Guidance is provided on the transits (North and South) covered by vessel traffic services:

Çanakkale Strait (Çanakkale Bogazi) = 37 NM
Sea of Marmara = 110 NM
Bosphorus (Istanbul Bogazi) = 17 NM.

This Guide summarises the essential information that Masters require in preparing for a transit of the Turkish Straits and requirements in Türkiye, in addition to providing navigating officers with the necessary guidance to prepare a comprehensive passage plan.

The Turkish Straits is 164 NM long in total, between the Aegean Sea and the Black Sea, and is the only available route by sea and all within the sovereign sea territory of Türkiye.

The Guide details situations in which:

Traffic in the Straits would be suspended
vessels require one-way traffic
vessels require daylight-only transit.
The Turkish Straits is one of the world’s busiest shipping routes, with approximately 130 ships a day transiting (~50,000 ships per year). 20% of all ships are tankers. Suezmax tankers (<300 m LOA) can safely navigate the Turkish Straits while maintaining acceptable margins of safety. Tankers >300 m LOA can transit the Turkish Straits, but will be subject to additional restrictions.
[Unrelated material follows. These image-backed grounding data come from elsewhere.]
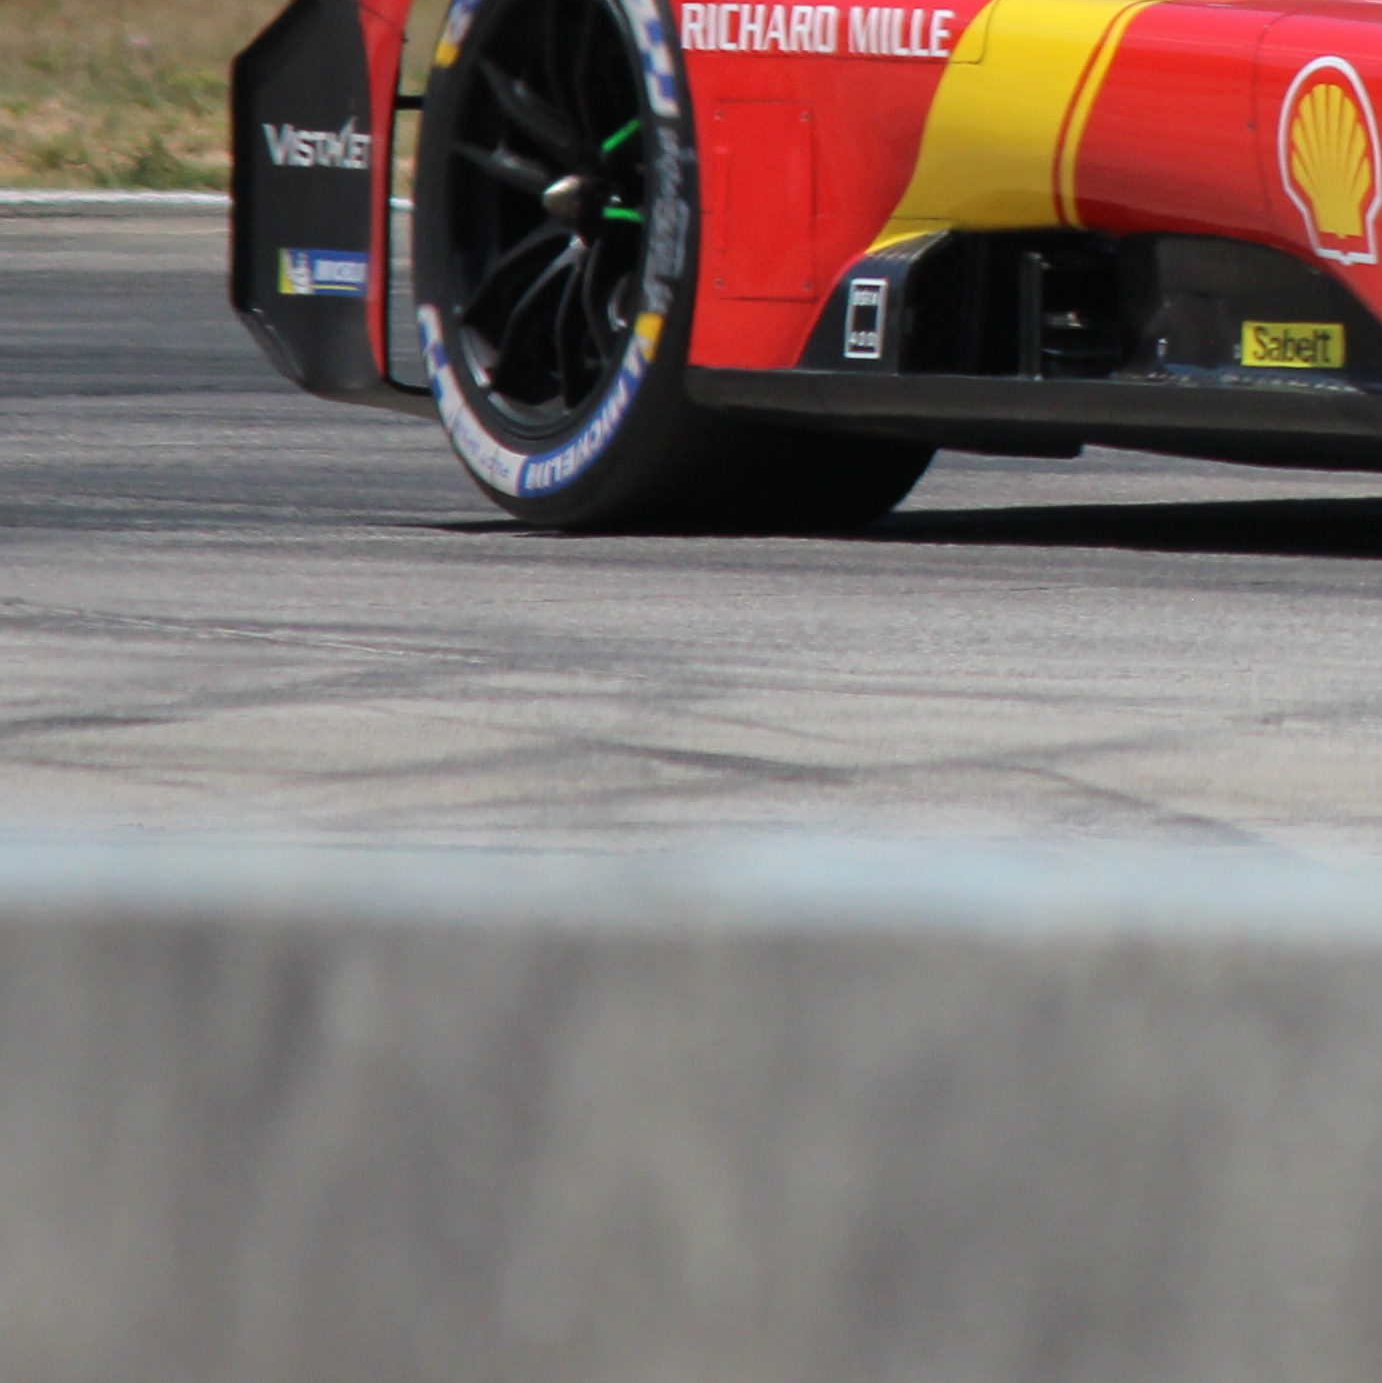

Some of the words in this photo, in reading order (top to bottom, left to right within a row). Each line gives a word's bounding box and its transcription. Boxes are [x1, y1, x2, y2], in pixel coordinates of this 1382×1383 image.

[681, 2, 840, 53] RICHARD
[849, 6, 956, 58] MILLE
[1252, 326, 1330, 363] Sabelt
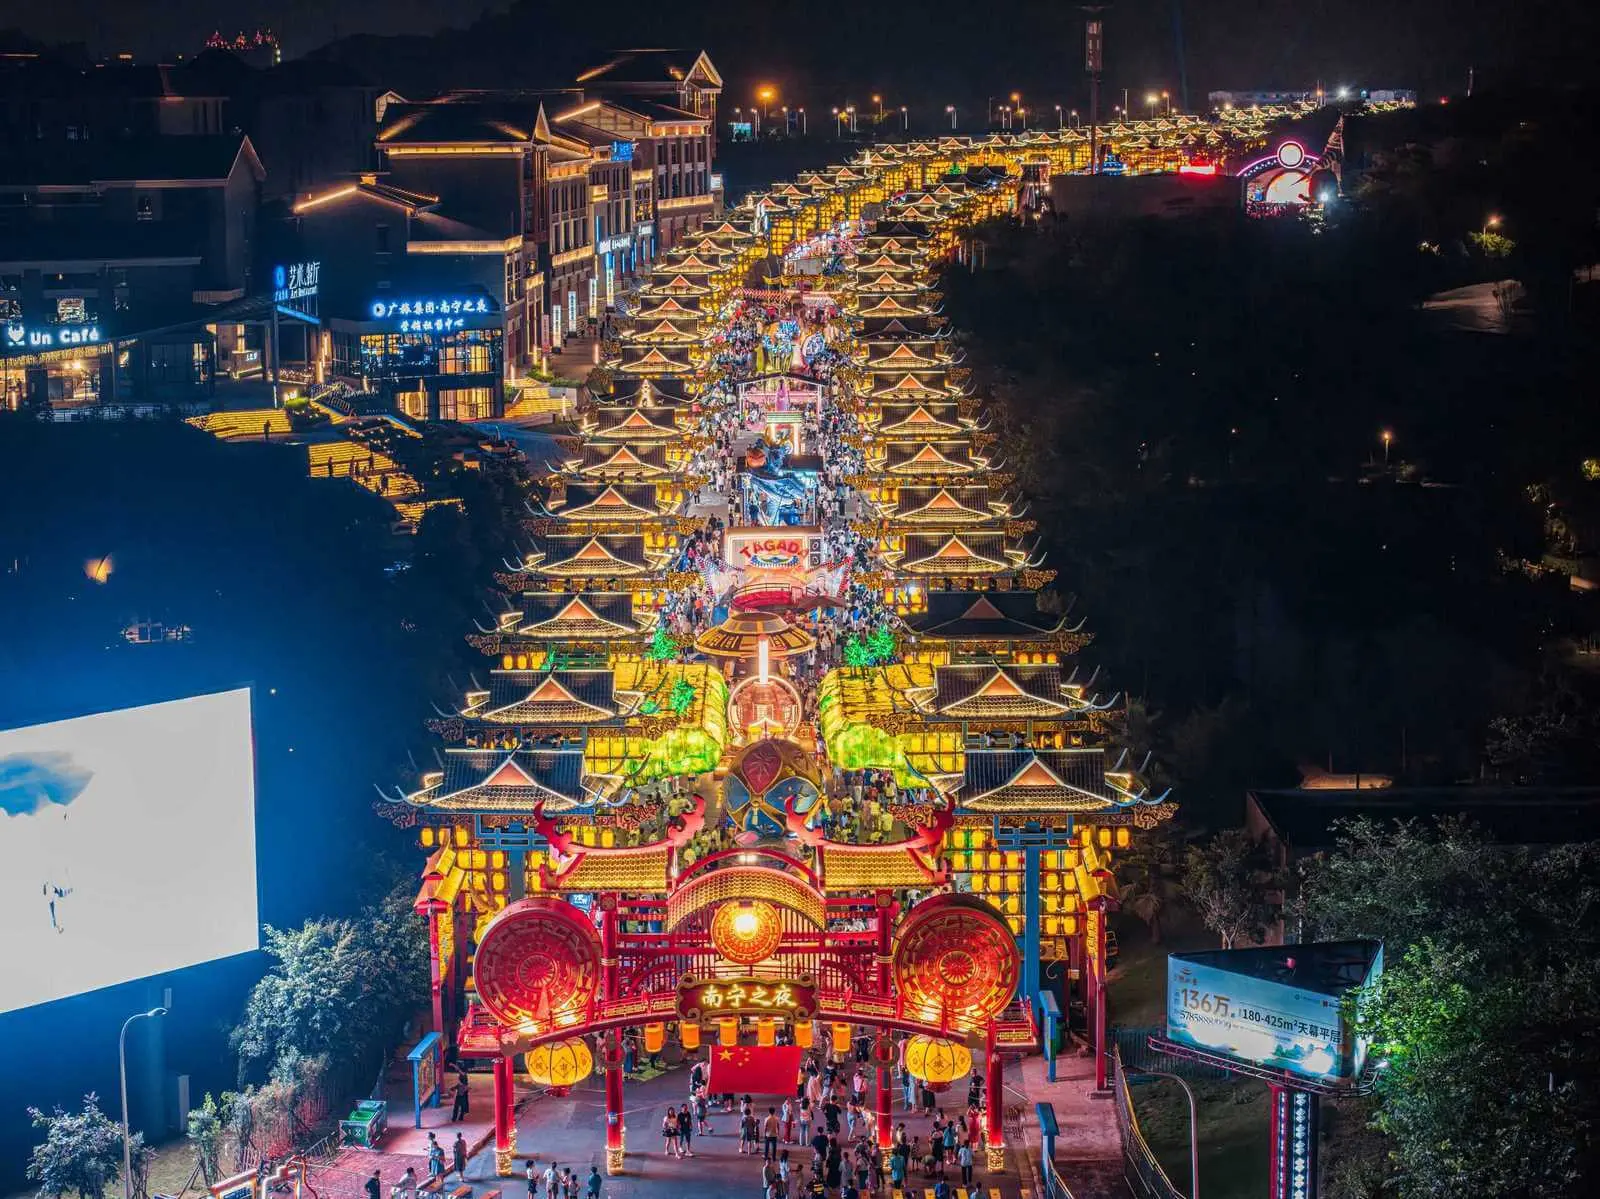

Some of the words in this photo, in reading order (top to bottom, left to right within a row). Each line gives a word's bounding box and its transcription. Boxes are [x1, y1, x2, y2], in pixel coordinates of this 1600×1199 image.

[30, 331, 52, 345] Un
[60, 327, 99, 343] Café
[702, 983, 798, 1008] 南宁之夜
[1181, 988, 1231, 1018] 136万
Managing traffic in the Turkish Straits is a challenge, with one-way traffic measures leading to a transit time of broadly 12 hours Northbound and 12 hours Southbound (typically led by a tanker). This all results in the average waiting time for a ship to enter the Bosphorus Southbound being 14.5 hrs for large ships waiting in ‘hold’. Such waiting times can increase to 3-4 days, or even a week on occasions, due to heavy traffic or other circumstances such as poor weather or as a result of a major incident in the Turkish Straits. The Guide clearly sets out all of this information to provide scheduling advice for the Master.

In the Turkish Straits, vessels may encounter strong currents, with rates in excess of 7 knots, while navigating in confined waterways that narrow to only 698 m at points, as well as having to safely make large alterations of course of up to 80?. In addition to these challenges, concentrations of traffic are often heavy in the Bosphorus, as ferries and local traffic make over 2,500 crossings of the waterway per day.

This 2024-25 Guide provides clear and comprehensive guidance for the Master and navigating officer, accompanied by annotated chartlets for each stage of the transit, all presented in an easy-to-use format and layout.